In the span of a week, the Family First Prevention Services Act was added and then dumped from a larger bill focused on research and approval for medications and medical devices.
Now, proponents of the child welfare finance reform package are setting their sights on a legislative Hail Mary: attaching Family First to the continuing resolution (CR) appropriations bill that will fund the federal government through March or April of 2017.
“We need your help with contacting your Members of Congress this week and asking them to include the Family First Prevention Services Act in the continuing budget resolution,” wrote Laura Boyd, policy director for the Family Focused Treatment Association, in an e-mail to colleagues that included model call-in and write-in language.
As far as Youth Services Insider can tell, there is no movement afoot in the House to do this yet. We have heard from staff close to Family First that some of the bill’s co-sponsors have asked Senate Appropriations Committee leaders to attach Family First to the CR.
Even the most fervent supporter of such a move would have to concede that it is extremely unlikely because the general procedural rules prohibit legislating on an appropriations bill.

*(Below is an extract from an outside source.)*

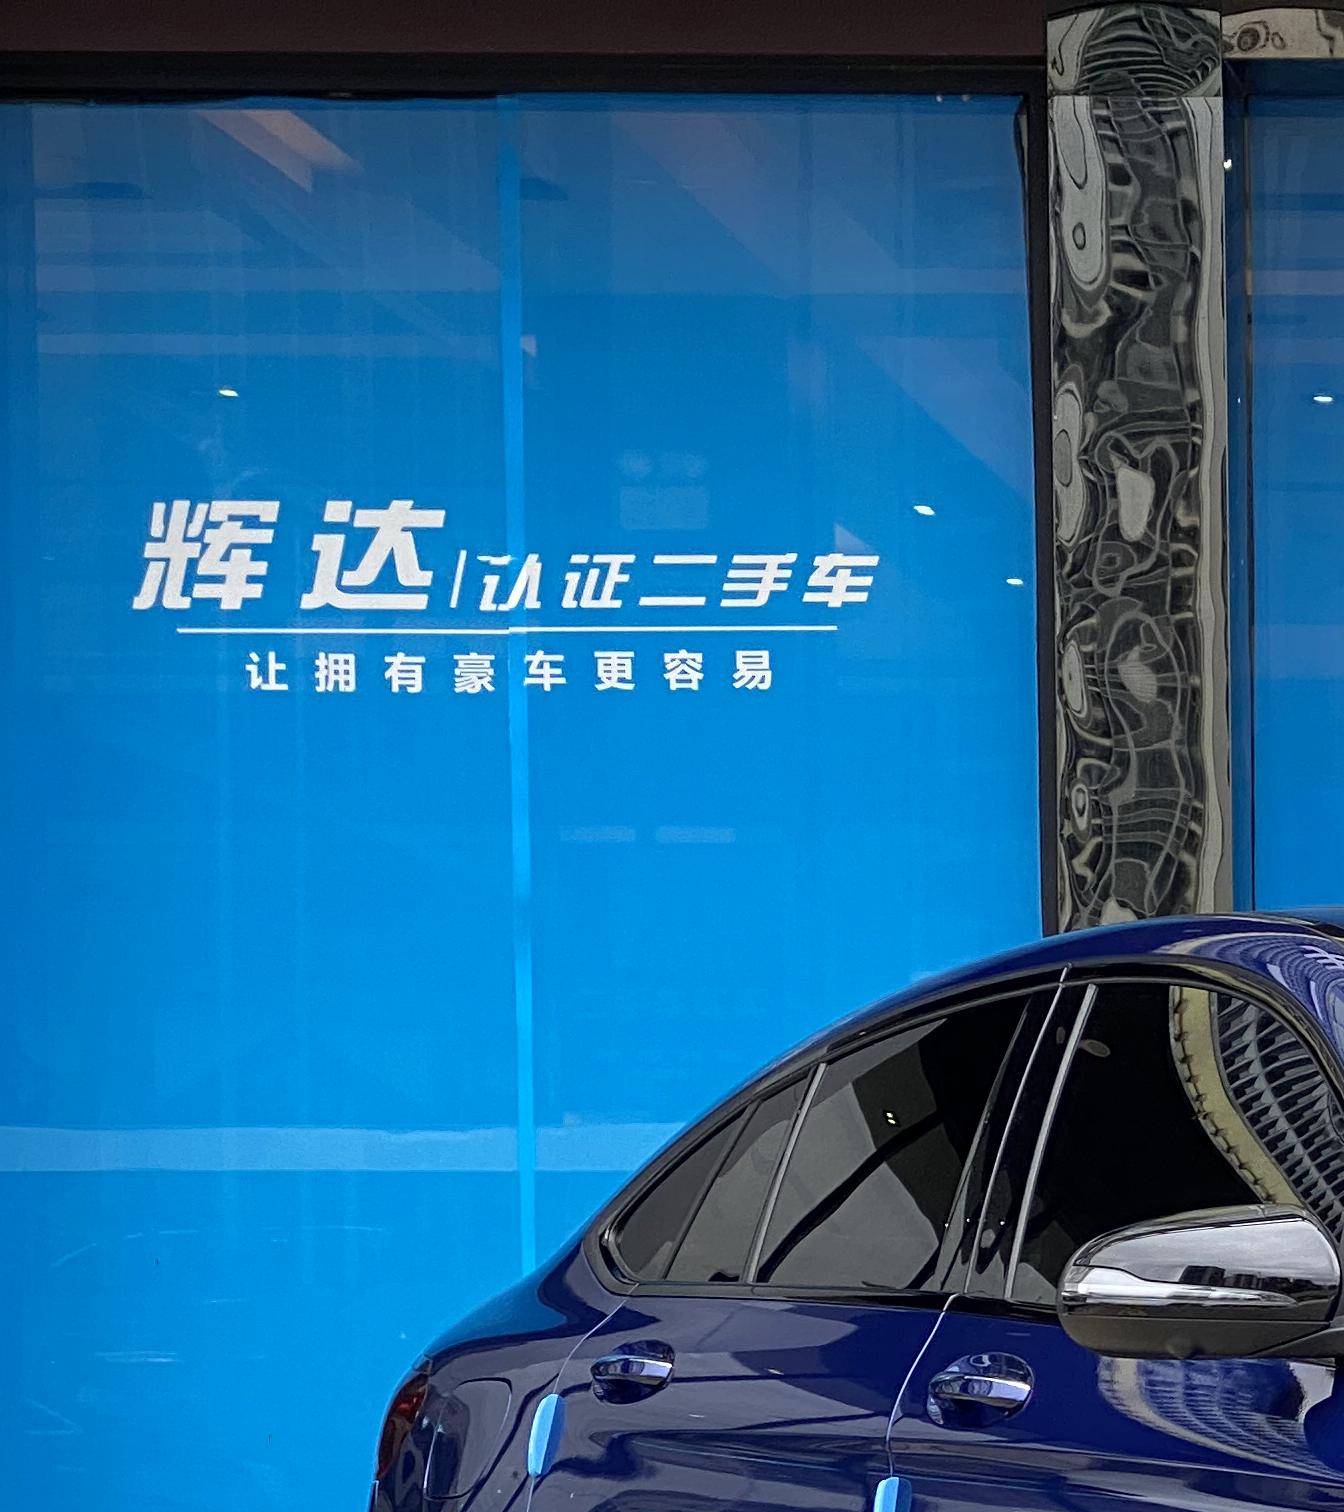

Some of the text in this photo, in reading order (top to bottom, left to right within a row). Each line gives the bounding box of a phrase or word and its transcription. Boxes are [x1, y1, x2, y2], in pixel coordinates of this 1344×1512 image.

[132, 499, 880, 612] 辉达 认证二手车
[245, 649, 773, 694] 让拥有豪车更容易

This protects the necessary business of funding the government, which Congress struggles with anyway, from getting mucked up with other legislative interests.

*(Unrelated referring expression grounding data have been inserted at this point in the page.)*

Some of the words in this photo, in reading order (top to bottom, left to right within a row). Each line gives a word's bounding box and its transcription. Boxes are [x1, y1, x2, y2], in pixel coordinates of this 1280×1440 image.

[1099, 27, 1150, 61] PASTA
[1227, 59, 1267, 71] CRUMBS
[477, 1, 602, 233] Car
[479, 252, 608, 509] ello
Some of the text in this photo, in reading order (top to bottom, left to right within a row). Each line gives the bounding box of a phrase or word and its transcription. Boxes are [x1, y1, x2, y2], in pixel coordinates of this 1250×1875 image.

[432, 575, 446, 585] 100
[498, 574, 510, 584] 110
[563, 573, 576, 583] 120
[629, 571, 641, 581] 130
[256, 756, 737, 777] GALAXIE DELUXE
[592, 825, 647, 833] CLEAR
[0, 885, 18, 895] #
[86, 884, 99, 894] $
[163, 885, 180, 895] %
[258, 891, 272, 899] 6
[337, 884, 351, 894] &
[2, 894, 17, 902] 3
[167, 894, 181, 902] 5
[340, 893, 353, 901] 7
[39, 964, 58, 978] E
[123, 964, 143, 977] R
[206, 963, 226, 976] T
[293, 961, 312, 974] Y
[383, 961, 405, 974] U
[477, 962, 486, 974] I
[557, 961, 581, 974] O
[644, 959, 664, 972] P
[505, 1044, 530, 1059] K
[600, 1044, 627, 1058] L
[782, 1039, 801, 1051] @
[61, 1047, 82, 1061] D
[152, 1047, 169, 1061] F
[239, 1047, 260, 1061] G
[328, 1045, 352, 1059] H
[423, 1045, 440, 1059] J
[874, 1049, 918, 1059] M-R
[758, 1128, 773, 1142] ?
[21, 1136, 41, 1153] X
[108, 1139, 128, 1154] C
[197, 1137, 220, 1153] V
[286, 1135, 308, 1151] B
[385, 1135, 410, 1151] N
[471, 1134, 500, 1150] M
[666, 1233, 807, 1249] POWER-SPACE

But it is a rule, not a law. Just by way of example, in 2008, the $25 billion loan program to bail out the auto industry was tacked onto a spending bill signed by President George W. Bush.
First Focus President Bruce Lesley, who spent more than a decade as a policy staffer in the Senate, said in an e-mail to YSI that “the barrier is high to get language added to CRs or omnibus packages.” But he said he also believes Family First is one of those rare cases where appropriators could and should consider it.
“If there is bipartisan sign-off from authorizing committees, leadership, and evidence of overwhelming support in both chambers, appropriators will then (and only then) potentially agree to add such measures to their package,” Lesley said. “It is a very difficult bar to reach, but this legislation is, as you know, pretty close to that.”
The House did overwhelmingly vote the bill in over the summer, but that case might be harder to prove in the Senate. Sen. Ron Wyden (D-Ore.), a chief architect of Family First, said the bill would easily pass if it ever got a floor vote. But there is significant opposition to it at the Senate Finance Committee, where Wyden is the ranking Democrat and where Family First was never actually marked up and passed.
Sen. Richard Burr (R-N.C.), seemingly spurred on by a social media campaign in his state against the bill, wrote a note to Speaker Paul Ryan (Wisc.) and Majority Leader Mitch McConnell (Ky.) opposing Family First’s attachment to the Cures Act. Ryan has publicly supported passage of Family First.
“This could leave these neglected children without a place to call home, all because of Congress’ haste to pass legislation before the end of the year without considering its impact,” the letter said.
Burr is on the Senate Finance Committee, and he was allegedly joined on the letter by three other Senate Finance Republicans: Dan Coats (Ind.), Pat Toomey (Penn.) and Mike Enzi (Wyo.).
The North Carolina Chapter of the American Academy of Pediatrics reached out to Burr today, urging him to reconsider and help attach the bill to the continuing resolution. The letter, signed by chapter president Scott St. Clair, argues that Burr’s criticism of the bill is unfounded:
Congregate care remains one of the options on the continuum, and the bill does not impose time limits or restrictions on the use of these settings for children who need them, but the focus is on keeping families together. The only changes this bill makes for congregate care providers is raising the standards for quality, so that all children in these settings benefit from the therapeutic value of the best providers, of which we have several in North Carolina.
The odds are against Family First, but it is not surprising to see this advocacy push at the end. The legislation was years in the making, and with other looming child welfare priorities coming up next year, it’s hard to imagine leaders on the bill will have an appetite to do this all again.
The continuing resolution is the last train leaving the legislative station this year, Lesley said in his e-mail, “so we are making every effort to be on board.”